KANDAHAR, Afghanistan (AFP) — Violence raged across southern Afghanistan at the weekend with more than 60 people -- mostly rebels -- killed, authorities said Sunday, as the country prepared to celebrate Independence Day.
In the capital Kabul, about 7,000 police launched a major security operation on Sunday, conducting stepped-up searches and patrols one day after the Afghan education minister escaped unharmed from a roadside bomb attack.
Authorities have already announced they would hold a more low-key commemoration of Independence Day on Monday, rather than the traditional high-profile event, amid the surge in violence.
In the deadliest weekend incident, Afghan security forces killed at least 28 Taliban-linked rebels who attacked a convoy that was delivering supplies to international troops, the defence ministry said.
The ministry said that 28 "enemy bodies" had remained on the ground after the fight 10 kilometres (six miles) from the town of Qalat in Zabul province.
Deputy provincial governor Gulab Shah Alikhail put the rebel death toll at 32 and said five private security guards were also killed in the four-hour battle. The interior ministry said nine guards had died.
Seven Taliban-linked militants were killed separately in Zabul, an official there said.
Also in the south, a roadside bomb hit a police jeep late Saturday and killed 10 officers, said the police chief of Kandahar province, Mutiullah Khan.
He blamed the bombing on the "enemies of Afghanistan" -- a phrase most Afghan officials use to refer to Taliban militants.
Roadside bombs are widely used by the Taliban and other militants in their attacks on Afghan and foreign troops.
Around 800 Afghan security forces have been killed in violence this year, according to interior ministry figures. Most have been police as they are a softer target than the Afghan army and international forces.

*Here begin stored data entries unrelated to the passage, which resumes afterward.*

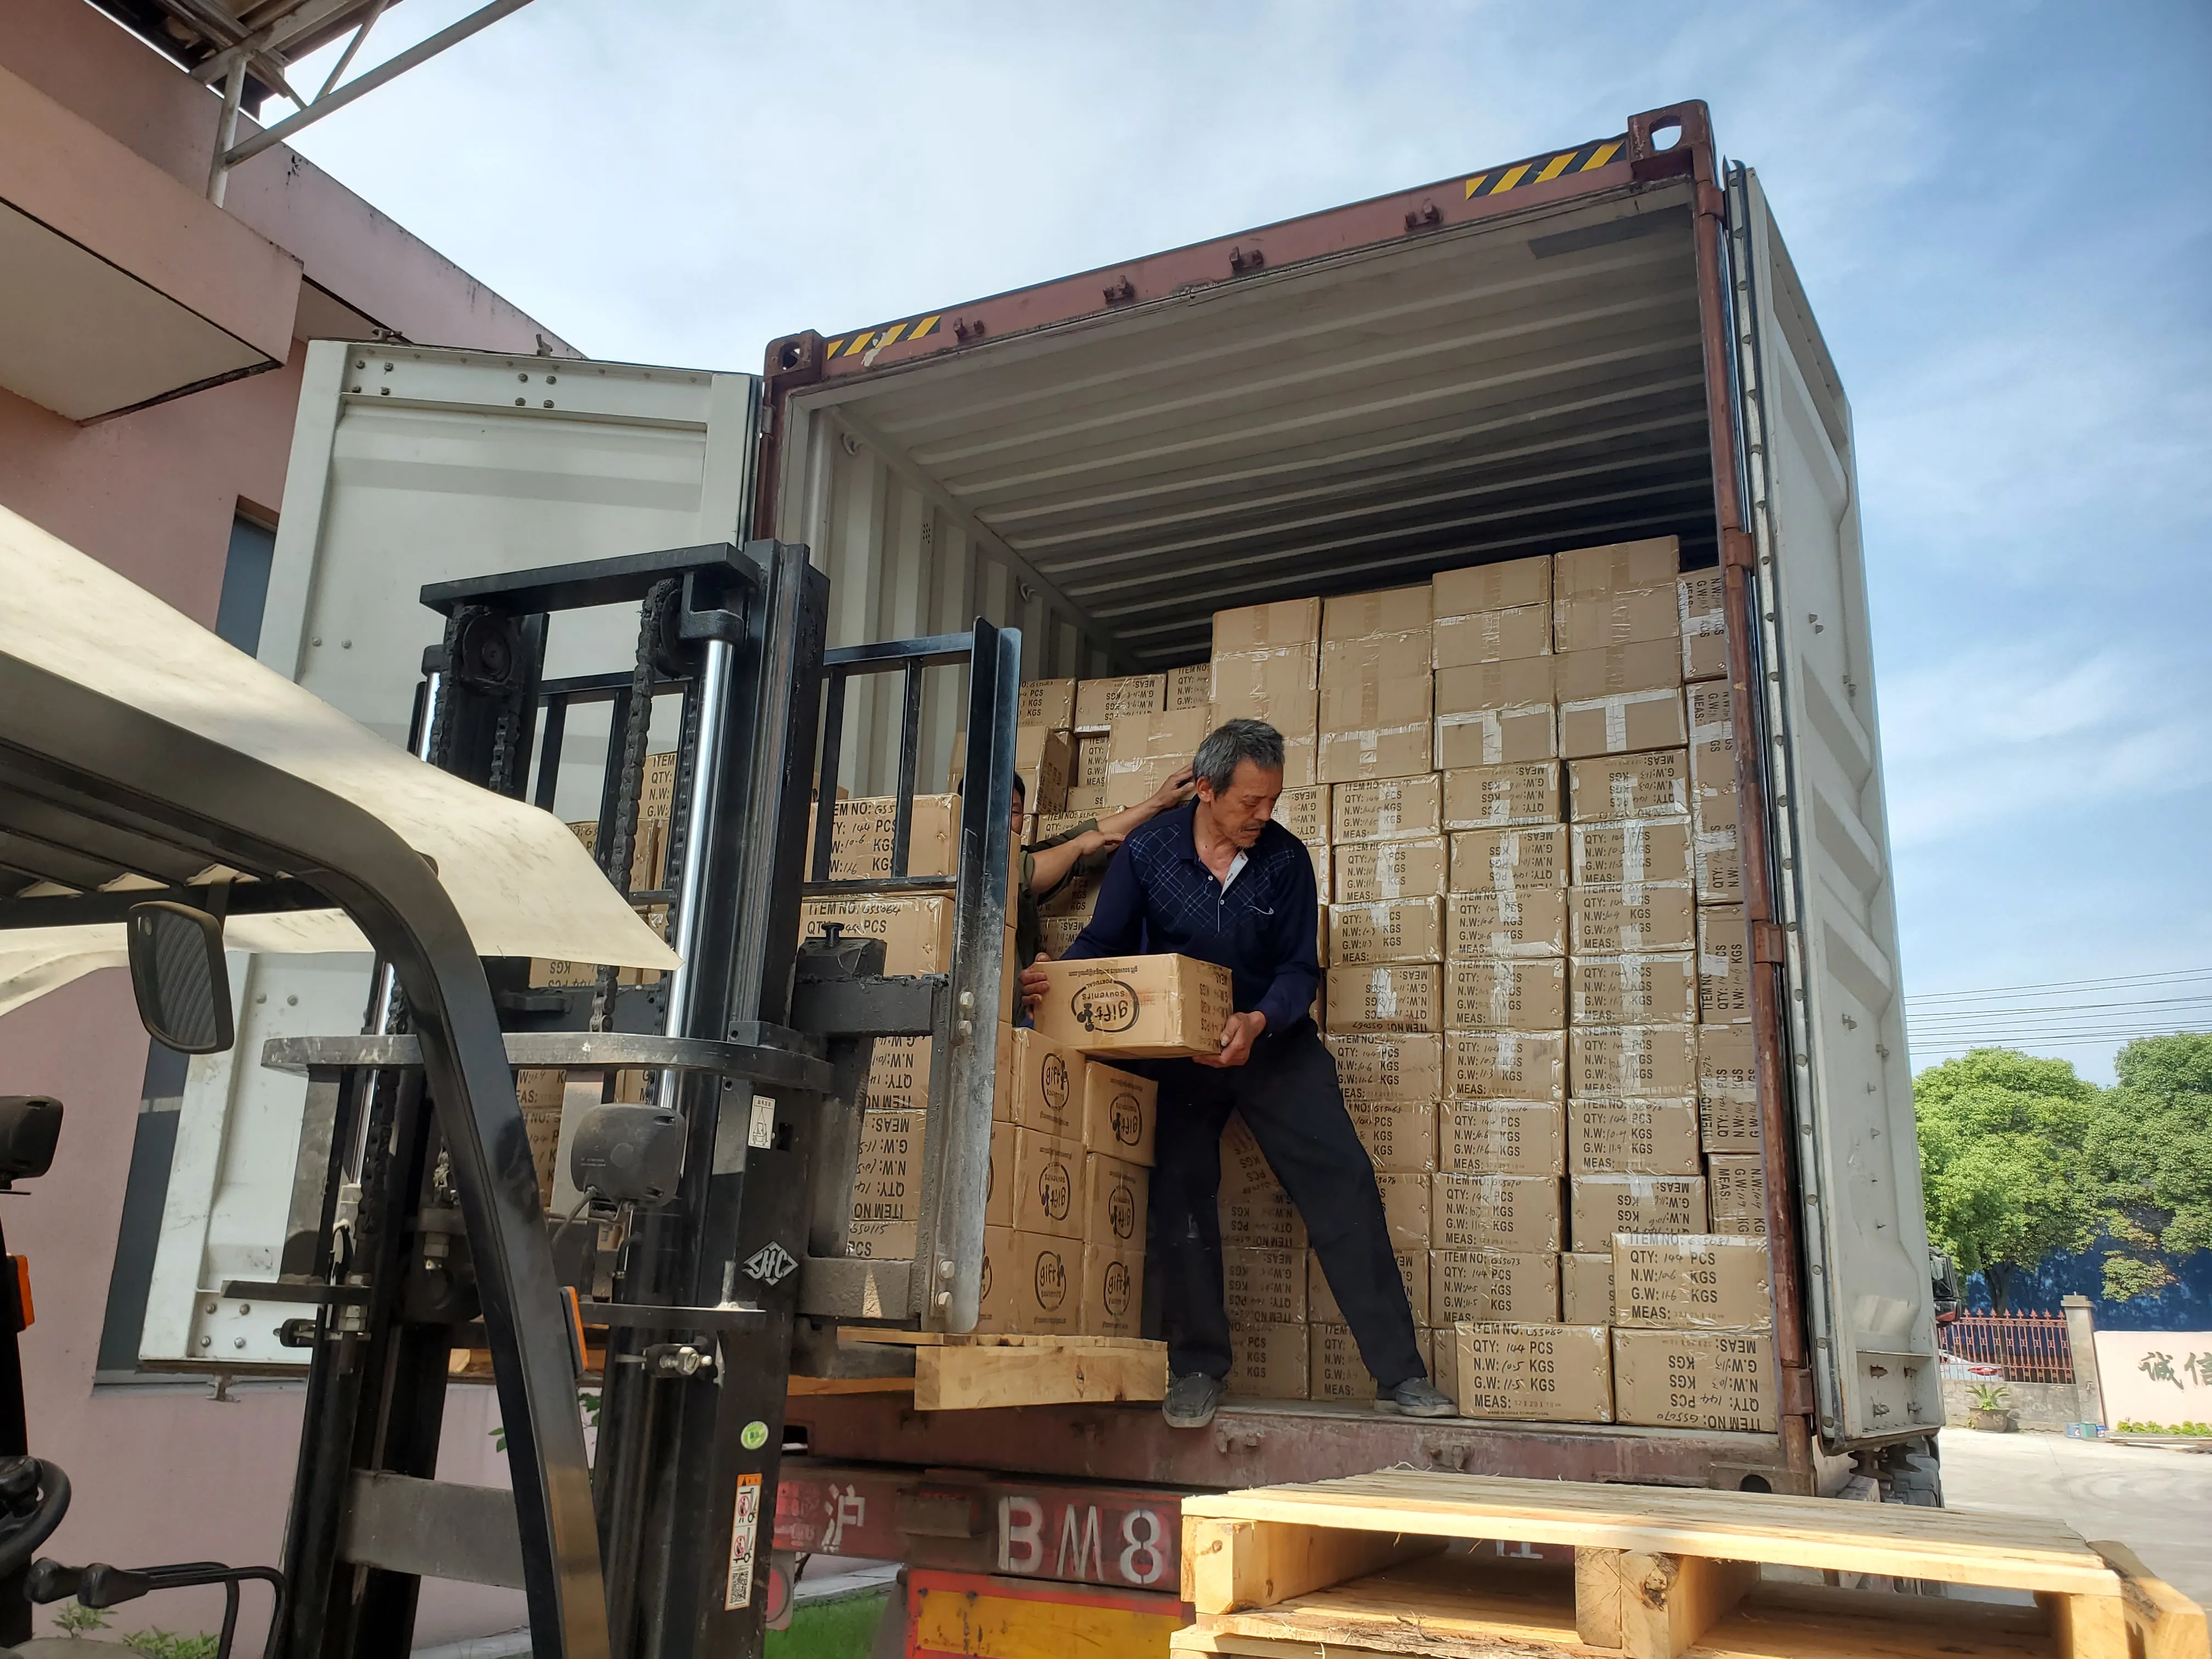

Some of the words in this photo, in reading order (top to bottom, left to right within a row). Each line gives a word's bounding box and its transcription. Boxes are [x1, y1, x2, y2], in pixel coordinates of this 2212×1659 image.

[653, 754, 675, 767] ITEM
[651, 771, 672, 783] QTY:
[1345, 794, 1363, 803] QTY:
[851, 803, 871, 815] NO:
[1384, 803, 1401, 811] KGS
[1523, 803, 1544, 812] QTY:
[1585, 834, 1606, 844] QTY:
[1348, 855, 1367, 864] QTY:
[1531, 870, 1552, 879] QTY:
[1347, 891, 1373, 900] MEAS:
[809, 902, 836, 915] ITEM
[1584, 898, 1605, 907] QTY:
[1460, 905, 1481, 914] QTY:
[1630, 909, 1651, 919] KGS
[1342, 915, 1361, 924] QTY:
[864, 920, 887, 933] PCS
[1383, 938, 1401, 946] KGS
[1584, 939, 1615, 948] MEAS:
[1342, 953, 1369, 962] MEAS:
[1458, 973, 1479, 983] QTY:
[1584, 968, 1605, 977] QTY:
[1086, 979, 1113, 988] PORTUGAL
[1082, 990, 1125, 1000] Souvenirs
[1094, 1000, 1128, 1022] gift
[1457, 1013, 1485, 1023] MEAS:
[1387, 1023, 1404, 1032] NO:
[1459, 1042, 1479, 1052] QTY:
[1584, 1041, 1607, 1051] QTY:
[1338, 1048, 1357, 1057] QTY:
[885, 1074, 912, 1088] QTY:
[1046, 1066, 1060, 1086] gift
[1502, 1071, 1522, 1081] KGS
[1457, 1084, 1486, 1094] MEAS:
[883, 1095, 911, 1108] ITEM
[872, 1118, 909, 1132] MEAS:
[1375, 1117, 1392, 1126] PCS
[1455, 1116, 1475, 1125] QTY:
[1584, 1114, 1606, 1124] QTY:
[1610, 1115, 1627, 1124] 144
[1121, 1116, 1138, 1135] gift
[1374, 1131, 1392, 1141] KGS
[1632, 1128, 1652, 1139] KGS
[1374, 1145, 1392, 1155] KGS
[1454, 1159, 1483, 1169] MEAS:
[1583, 1158, 1615, 1168] MEAS:
[878, 1182, 904, 1197] QTY:
[1447, 1189, 1468, 1200] QTY:
[1050, 1187, 1066, 1208] gift
[875, 1204, 903, 1218] ITEM
[1618, 1211, 1639, 1222] KGS
[1118, 1208, 1131, 1227] gift
[1446, 1233, 1476, 1245] MEAS:
[1444, 1251, 1467, 1262] ITEM
[1470, 1252, 1487, 1263] NO:
[1630, 1250, 1658, 1264] QTY:
[1664, 1254, 1683, 1263] 144
[1691, 1252, 1716, 1265] PCS
[1040, 1263, 1056, 1287] gift
[1444, 1267, 1466, 1278] QTY:
[1492, 1268, 1511, 1280] PCS
[1691, 1271, 1717, 1284] KGS
[1108, 1275, 1124, 1294] gift
[1491, 1284, 1511, 1296] KGS
[1691, 1289, 1718, 1303] KGS
[1491, 1300, 1512, 1311] KGS
[1632, 1305, 1671, 1320] MEAS:
[1472, 1323, 1500, 1335] ITEM
[1248, 1337, 1266, 1347] PCS
[1474, 1339, 1499, 1353] QTY:
[1506, 1343, 1525, 1354] 144
[1530, 1341, 1554, 1355] PCS
[1716, 1339, 1756, 1354] MEAS:
[1247, 1352, 1266, 1363] KGS
[1668, 1355, 1695, 1370] KGS
[1530, 1360, 1554, 1373] KGS
[1531, 1378, 1555, 1392] KGS
[1669, 1374, 1695, 1390] KGS
[1475, 1394, 1511, 1409] MEAS:
[1671, 1393, 1695, 1408] PCS
[1701, 1393, 1722, 1406] 144
[1730, 1397, 1759, 1412] QTY:
[1703, 1415, 1726, 1429] NO:
[1729, 1417, 1760, 1431] ITEM
[821, 1483, 865, 1554] 沪

Kandahar province, from where the Taliban sprung in the 1990s, has seen much of the violence in Afghanistan since the hardliners launched their insurgency after being ousted from government in 2001.

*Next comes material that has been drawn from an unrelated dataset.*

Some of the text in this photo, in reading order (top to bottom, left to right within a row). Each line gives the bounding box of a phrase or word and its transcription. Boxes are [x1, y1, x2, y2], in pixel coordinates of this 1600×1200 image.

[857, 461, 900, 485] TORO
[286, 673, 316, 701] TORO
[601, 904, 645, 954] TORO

In other fighting, a dozen rebels, most of them Al-Qaeda-linked foreign fighters, were killed in an operation by Afghan and foreign troops in central Ghazni province late Saturday, said Ismail Jahangir, a provincial spokesman.
The defence ministry said an Afghan soldier was killed and six others were wounded in two bomb blasts on Saturday, one of them near Kabul.
In southern Helmand province, also a hotbed of rebel violence, authorities said they had captured a three-member militant "gang" responsible for killing influential tribal chiefs.
"It was a dangerous gang which was trained in Pakistan and was responsible for the killing of about 30 tribal chiefs in the past three or four years," provincial governor Gulab Mangal told AFP.
Also in Helmand, four civilians were "accidentally" killed on Saturday when NATO-led troops fired rockets at a compound where militants were believed to be preparing an attack, the alliance's force announced.
US-led forces toppled the Taliban in late 2001 after the September 11 attacks on the United States but they have regrouped to challenge the US-backed government of President Hamid Karzai.
The rebels have some sanctuaries across the border in Pakistan, which is under pressure from US and Afghan officials to clamp down on the militants.